I’m interested in smoothing the centerlines of the cerebral arteries.
I segmented the MRA images and extracted the voxels of arteries. Using VTK’s marching cubes, I created a mesh and further performed Taubin smoothing and remeshing with pymeshlab.
After that, I attempted to extract centerlines using vmtkcenterlines. The sources are 2 points on the internal carotid artery and 1 point on the basilar artery, while the targets are peripheral points (approximately 150 points). I’m using Apple silicon, M3pro, with an Intel version of conda in a virtual environment (Python 3.10.13). The centerlines extraction takes about 12 hours at the fastest, which is too long. Is there a good way to shorten this?
I tried keeping the sources as the 3 points and selecting 3 random points as targets for the same centerlines extraction, but it still took over 10 hours. I also tried using a supercomputer, but it did not lead to a reduction in time.
The code I used is as follows:
def vmtk_extract_centerline(file_name, sources, targets):
# vmtk_extract_centerline(mesh, sources, targets, seedselector=“pointlist”):
#==============================================================================
# args: mesh: 3D mesh (vtkPolydata)
# sources: 3D coordinates of source points (numpy.ndarray)
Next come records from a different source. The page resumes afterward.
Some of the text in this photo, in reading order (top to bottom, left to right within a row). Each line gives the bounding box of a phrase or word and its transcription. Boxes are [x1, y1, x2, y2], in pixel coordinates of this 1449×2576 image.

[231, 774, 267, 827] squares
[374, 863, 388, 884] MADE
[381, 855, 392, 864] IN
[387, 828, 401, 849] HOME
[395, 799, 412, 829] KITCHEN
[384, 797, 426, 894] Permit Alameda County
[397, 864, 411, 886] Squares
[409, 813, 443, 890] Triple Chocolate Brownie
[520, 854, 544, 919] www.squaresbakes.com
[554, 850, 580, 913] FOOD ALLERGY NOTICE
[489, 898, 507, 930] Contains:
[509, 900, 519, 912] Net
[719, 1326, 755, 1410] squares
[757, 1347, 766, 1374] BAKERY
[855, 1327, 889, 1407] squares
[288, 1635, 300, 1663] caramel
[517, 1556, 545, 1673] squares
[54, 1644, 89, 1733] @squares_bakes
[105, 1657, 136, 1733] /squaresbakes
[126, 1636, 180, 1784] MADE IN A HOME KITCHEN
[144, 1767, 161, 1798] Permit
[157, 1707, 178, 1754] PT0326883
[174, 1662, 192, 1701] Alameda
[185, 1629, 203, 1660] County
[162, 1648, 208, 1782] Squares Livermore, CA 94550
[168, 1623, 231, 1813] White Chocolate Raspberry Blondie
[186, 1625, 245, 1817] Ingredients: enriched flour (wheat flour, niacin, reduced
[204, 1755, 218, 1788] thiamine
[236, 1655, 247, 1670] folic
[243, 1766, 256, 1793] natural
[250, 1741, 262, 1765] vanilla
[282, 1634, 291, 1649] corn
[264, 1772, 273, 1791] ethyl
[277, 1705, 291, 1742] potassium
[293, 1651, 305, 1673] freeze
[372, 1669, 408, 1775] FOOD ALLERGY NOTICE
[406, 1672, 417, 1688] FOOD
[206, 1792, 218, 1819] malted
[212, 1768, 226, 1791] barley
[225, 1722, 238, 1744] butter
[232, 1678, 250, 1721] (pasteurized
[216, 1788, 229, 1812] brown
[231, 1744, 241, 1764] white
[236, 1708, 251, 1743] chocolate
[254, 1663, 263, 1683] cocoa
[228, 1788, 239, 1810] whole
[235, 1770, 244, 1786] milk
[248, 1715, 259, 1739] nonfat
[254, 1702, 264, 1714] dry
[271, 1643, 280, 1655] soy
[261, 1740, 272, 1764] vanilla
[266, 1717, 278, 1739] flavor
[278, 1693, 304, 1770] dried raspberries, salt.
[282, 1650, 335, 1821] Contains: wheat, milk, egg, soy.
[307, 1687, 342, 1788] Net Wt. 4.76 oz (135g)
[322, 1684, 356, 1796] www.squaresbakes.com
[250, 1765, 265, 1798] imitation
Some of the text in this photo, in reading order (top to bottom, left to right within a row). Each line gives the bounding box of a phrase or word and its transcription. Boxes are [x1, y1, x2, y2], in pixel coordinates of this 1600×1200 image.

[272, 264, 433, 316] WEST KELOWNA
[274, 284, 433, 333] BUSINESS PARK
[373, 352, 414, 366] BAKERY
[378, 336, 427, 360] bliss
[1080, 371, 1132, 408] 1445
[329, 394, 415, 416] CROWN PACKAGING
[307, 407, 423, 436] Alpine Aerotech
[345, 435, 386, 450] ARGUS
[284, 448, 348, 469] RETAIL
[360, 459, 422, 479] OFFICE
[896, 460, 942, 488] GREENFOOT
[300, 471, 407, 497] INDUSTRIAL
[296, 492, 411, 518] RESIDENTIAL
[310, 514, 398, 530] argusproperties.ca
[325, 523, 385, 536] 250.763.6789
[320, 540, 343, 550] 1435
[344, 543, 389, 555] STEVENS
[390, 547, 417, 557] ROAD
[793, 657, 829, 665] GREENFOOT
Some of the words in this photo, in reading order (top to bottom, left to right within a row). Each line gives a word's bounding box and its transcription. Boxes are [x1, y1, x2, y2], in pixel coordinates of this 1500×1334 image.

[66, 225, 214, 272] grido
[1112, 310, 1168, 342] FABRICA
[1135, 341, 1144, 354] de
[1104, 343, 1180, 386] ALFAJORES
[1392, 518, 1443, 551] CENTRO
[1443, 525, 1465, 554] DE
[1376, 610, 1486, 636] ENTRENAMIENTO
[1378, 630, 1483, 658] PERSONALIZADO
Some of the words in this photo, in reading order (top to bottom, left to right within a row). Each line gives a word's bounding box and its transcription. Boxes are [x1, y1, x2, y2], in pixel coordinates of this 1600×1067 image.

# targets: 3D coordinates of target points (numpy.ndarray)
# seedselector: Options include “pickpoint”, “openprofiles”, “carotidprofiles”, “profileidlist”, “idlist” and “pointlist”.
# returns: centerlines (vtkPolyData)
#==============================================================================
source_points = sources.flatten().tolist()
target_points = targets.flatten().tolist()
If you use the ‘Extract centerline’ module in Slicer, it has a ‘Preprocess input surface’ option than may significantly reduce processing time. It will still be long since you have so many end points, and it is not clear whether it’s a single surface or if it has distinct islands.
Probably the mesh has serveral magnitudes more points than necessary. Try the Extract Centerline module in 3D Slicer as @chir.set suggested to make sure you properly preprocess your mesh.
Network extraction should take just a couple of seconds. Since brain vasculature does not have a tree topology (it has circles), this may be your only option to get a full centerline graph anyway.
You can still use centerline curve extraction for a few selected branches, if you need more realistic shape at branching points or you want to search for shortest path between two points in the vasculature.
As I always processed in Python on VS Code, I am not familiar with 3D Slicer, and it took me some time to get used to it, which caused my delayed response.
As you pointed out, the Extract Centerline in 3D Slicer significantly reduced the processing time (what took over 10 hours on Python was done in less than a minute). The difficulty lies in understanding the extent of decimation and subdivision in the 3D Slicer preprocess. However, even when I used a very detailed mesh preprocessed with a different script for centerline extraction in 3D Slicer, the processing time was still very short.
I wonder why the processing time is so much longer when using the same VMTK library in Python, but so much shorter in 3D Slicer?
As you and @Chir.set mentioned, using 3D Slicer allowed me to perform centerline extraction extremely quickly. I wonder why the processing time is so much longer when using the same VMTK library in Python, but so much shorter in 3D Slicer?
Anyway, it was really helpful. Thank you very much.
I found that auto-detecting endpoints in 3D Slicer is very useful.
However, in the image, the artifact areas (the red circles in Figure 1) are not vessels, yet the centerline extraction still extracts centerlines through them, despite not specifying them as endpoints.
I implemented smart preprocessing in the 3D Slicer module, which makes the centerline extraction practically usable on meshes created by 3D image segmentation. I made the source code publicly available on github with a permissive license (anybody can freely use it for any purpose without restrictions), so you are free to take it and use it anywhere. However, if you want to implement a VTK-based application that is readily usable in clinical workflows then your best option is probably to develop it within 3D Slicer (by adding a custom Python scripted module that guides the user through your entire workflow with a simplified user interface).
This is the ‘Network’ centerline, which as I understood, is based on geometry and is always extractible and fast. Have you tried the ‘Tree’ centerline. This one accounts for blood flow, is heavily dependent on the quality of the mesh and may not give expected results.
@chir.set @lassoan
Thanks.
I will make sure to read the GitHub page carefully.
As you mentioned, selecting Tree resulted in the extraction of the centerline as I imagined, taking the branching into account. However, what could be the difference between the blood vessels where the centerline is successfully extracted and those where it is not, as shown in the figure?
I thought the issue might be that the blood vessels are too thin, so I moved the endpoints and the regions in the figure to relatively thicker parts of the blood vessels, but the result did not change.
When centerline extraction cannot find a path then indeed you need to move the desired endpoints closer to thicker branches. If path is still not found then you need to move the endpoints even further so that there is a sufficiently thick path connecting them. You can also trying increasing the number of points from 5000 to 10000 or more. If you select an output model for the Voronoi surface then you can see the surface where the path is searched along.